From October of 1977 until May of 1983 I was at Patch Barracks, Stuttgart-Vaihingen, Germany; home of the Headquarters of the United States European Command - the highest US command in Europe. I have written a lot of articles about events that transpired there, mostly related to my job in the Protocol Office. MamaCharlie and I regard Patch as some of the best years of our life together. It was a great combination of facilities, good schools, and good military duty. It just seemed to be the confluence of all the good stuff a family could want.
One of the things we did there that contributed to the "cool" factor was what we called our "International Supper Club". We had six or seven couples who would get together for dinner once a month. We would rotate the host duties. Whoever was host for the month would pick a country for the theme, research the types of food dishes that were popular in that country, decide on a menu, make assignments to the other members, and provide the recipes. During the dinner, the hosts would provide some cultural information about the country as well. As you might imagine, these couples were all military and had traveled extensively so there were lots of interesting dinners filled with first-hand experiences in some exotic places. We looked forward to these dinners; they really were a highpoint of the month. And being a military community, we saw many of our members come and go. One of the couples that joined our group for a while were civilians. He was a physicist who was on sabbatical from the University of Toronto. They were in Stuttgart for a year while he did some research work at the Max Planck institute in Stuttgart. His field was light. He once explained how everything was waves and the frequency of the wave's vibration determined what it was. I called him "Professor". I couldn't hang with it. This was a brainy guy. And as Skinnyguy pointed out in his post; physicists are different, they don't think like normal people. But he was a down-to-earth guy; his wife was a sweet lady, and he had some cool kids. His teenage son made a ruby laser from scratch for his science project in school - without any help from Dad...that's cool. The kid explained in detail how he designed it and what he needed to put it together and make it work. I didn't understand 75% of what he said.

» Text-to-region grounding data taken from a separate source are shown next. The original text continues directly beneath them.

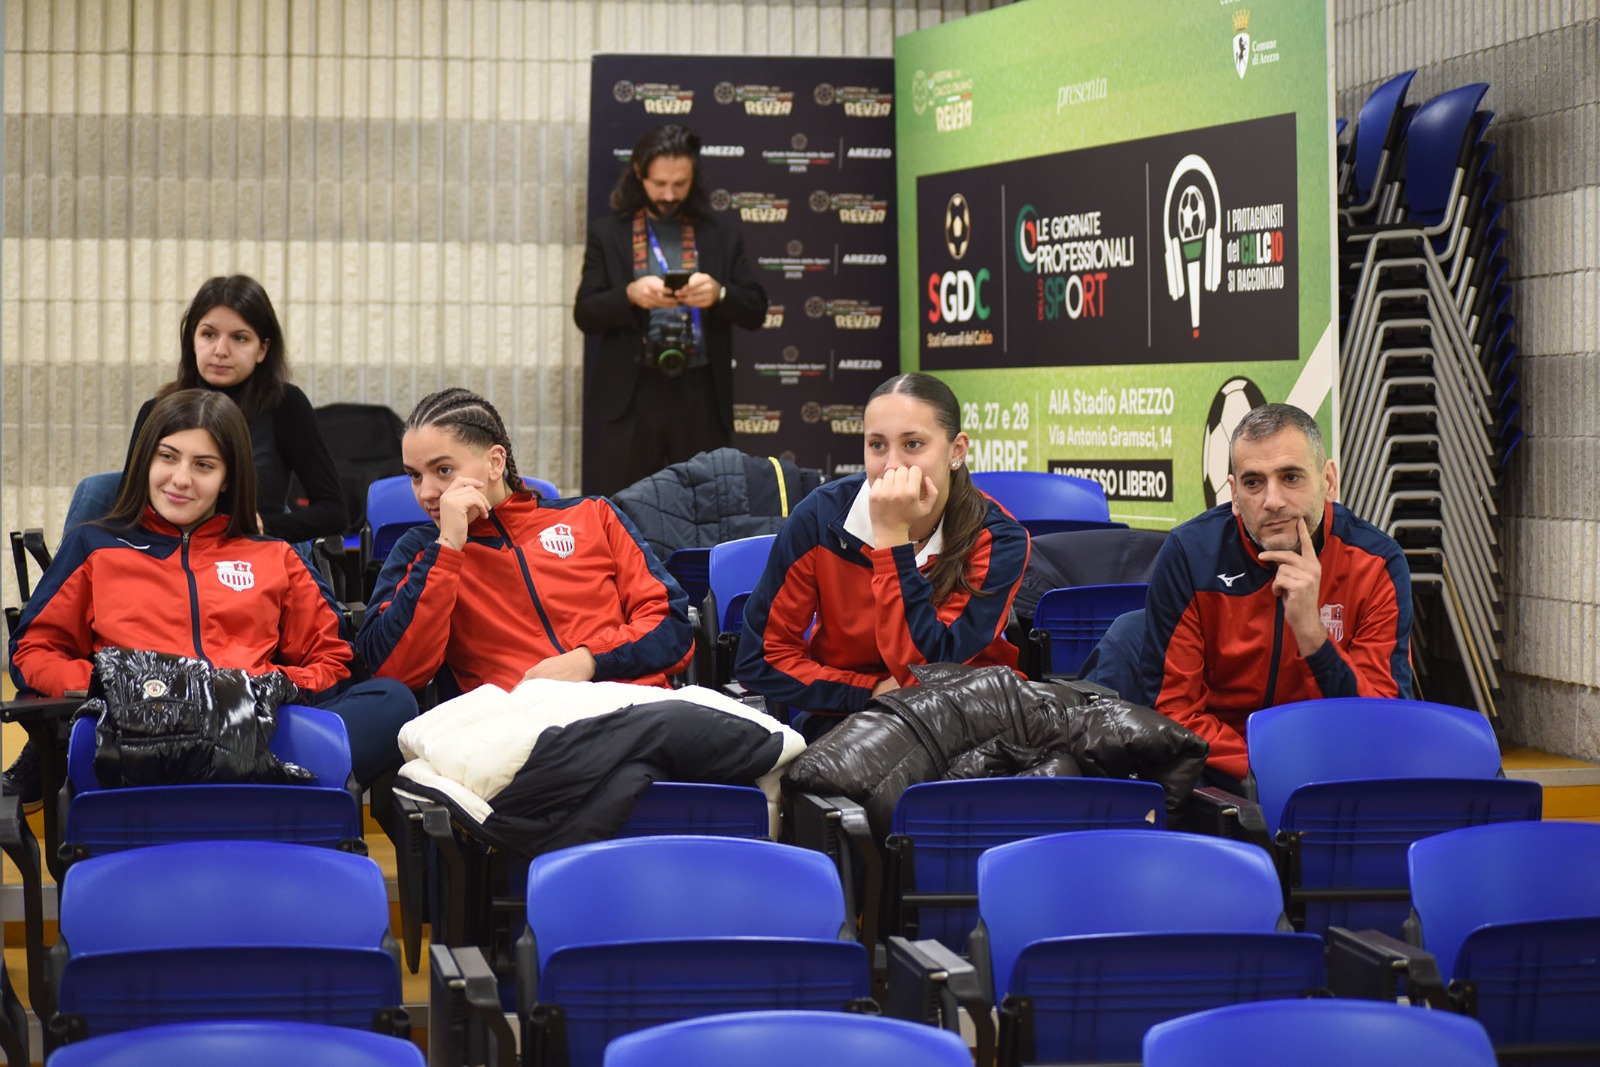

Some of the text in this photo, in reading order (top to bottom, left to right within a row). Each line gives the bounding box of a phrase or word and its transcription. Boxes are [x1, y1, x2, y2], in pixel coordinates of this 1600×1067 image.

[1057, 76, 1107, 115] presenta
[699, 145, 745, 156] AREZZO
[847, 148, 892, 158] AREZZO
[1036, 211, 1101, 242] LE GIORNATE
[1227, 204, 1283, 232] I PROTAGONISTI
[842, 254, 887, 265] AREZZO
[1037, 236, 1134, 274] PROFESSIONALI
[1227, 231, 1283, 265] del CALCIO
[1227, 266, 1284, 292] SI RACCONTANO
[928, 268, 991, 324] SGDC
[1045, 273, 1108, 320] SPORT
[838, 360, 882, 370] AREZZO
[1049, 387, 1174, 415] AIA Stadio AREZZO
[963, 402, 1029, 434] 26, 27 e 28
[1049, 424, 1172, 450] Via Antonio Gramsci, 14
[966, 439, 1028, 473] EMBRE
[1119, 470, 1167, 498] LIBERO
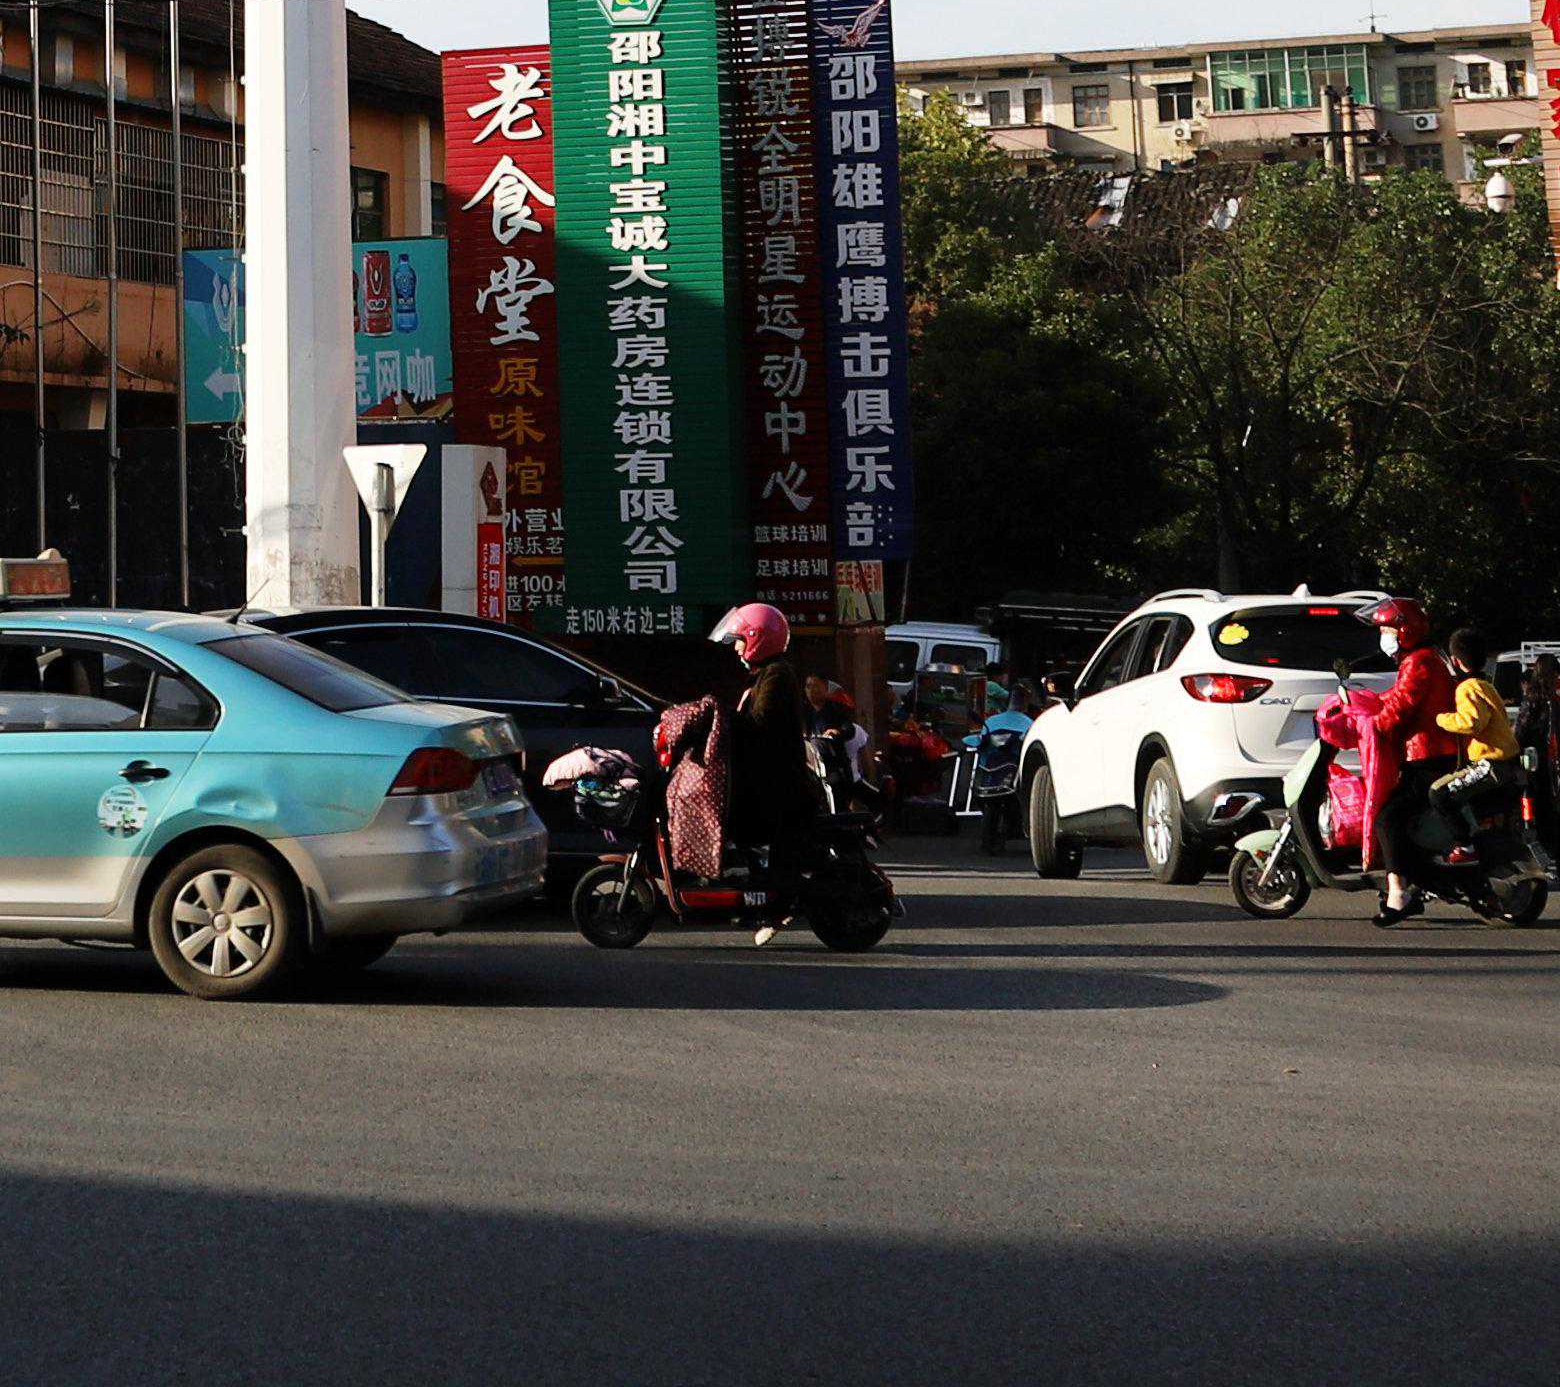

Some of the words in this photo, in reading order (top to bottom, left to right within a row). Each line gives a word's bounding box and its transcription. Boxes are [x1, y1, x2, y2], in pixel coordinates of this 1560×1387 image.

[461, 63, 556, 347] 老食堂
[606, 29, 684, 596] 邵阳湘中宝诚大药房连锁有限公司
[753, 524, 828, 544] 篮球培训
[755, 558, 829, 578] 足球培训

The Professor never talked down to any of us, though. In fact, he was most interested in hearing about our experiences in the military, especially those of us who had been to Vietnam. He had never served.
The Professor and his family were only there for a year and it seemed like we had just gotten to know them and it was time for them to leave. At the last dinner we were there together, he asked if he could make an announcement to the group. He explained that he had grown up in an academic family, and when he graduated from college he was given an opportunity to go to Toronto to study wave theory and attend graduate courses. He liked it there and took up permanent residence. He was a US citizen by birth but never considered that it meant much. He explained that the last year he had been reconsidering his attitude. He had been impressed with the quiet patriotism and the stories of sacrifice and service he had heard from the group. It had kindled in him a since of patriotism that he had never felt before. He felt a pride in his country for the first time in his life. So he had started putting out feelers and had been accepted in a research position at a university in the States and he was going home.
He told us that he felt he should apologize for himself and his colleagues; that there was an attitude among them that the military was a place where people went when they "couldn't cut it" on the outside. The prevailing opinion was that the military was populated with knuckle-draggers, red necks, and semi-literate people who were like "working welfare" recipients. His association with us for the previous year had opened his eyes to a community of quality individuals who impressed him with the willingness to do whatever necessary to protect and serve a nation. He said that none of his friends in academia would ever consider flying a helicopter into enemy guns to pick up wounded GIs - as one of our group had done many times; or expose themselves to the enemy to deliver goods and material to troops in the fight; or go on a patrol, or sleep out in the open in the rain waiting for enemy troops to come down the trail, or any of a dozen other exploits he had heard talked about in the group. Even the sacrifices of a peacetime military were not only unknown to his academic friends; the things required of the military on a daily basis were unthinkable to them. So he thanked us and apologized to us and he moved back to the States, his home, promising to ensure that he and his family would never take the service of the military for granted again, or forget for a moment that he was an American.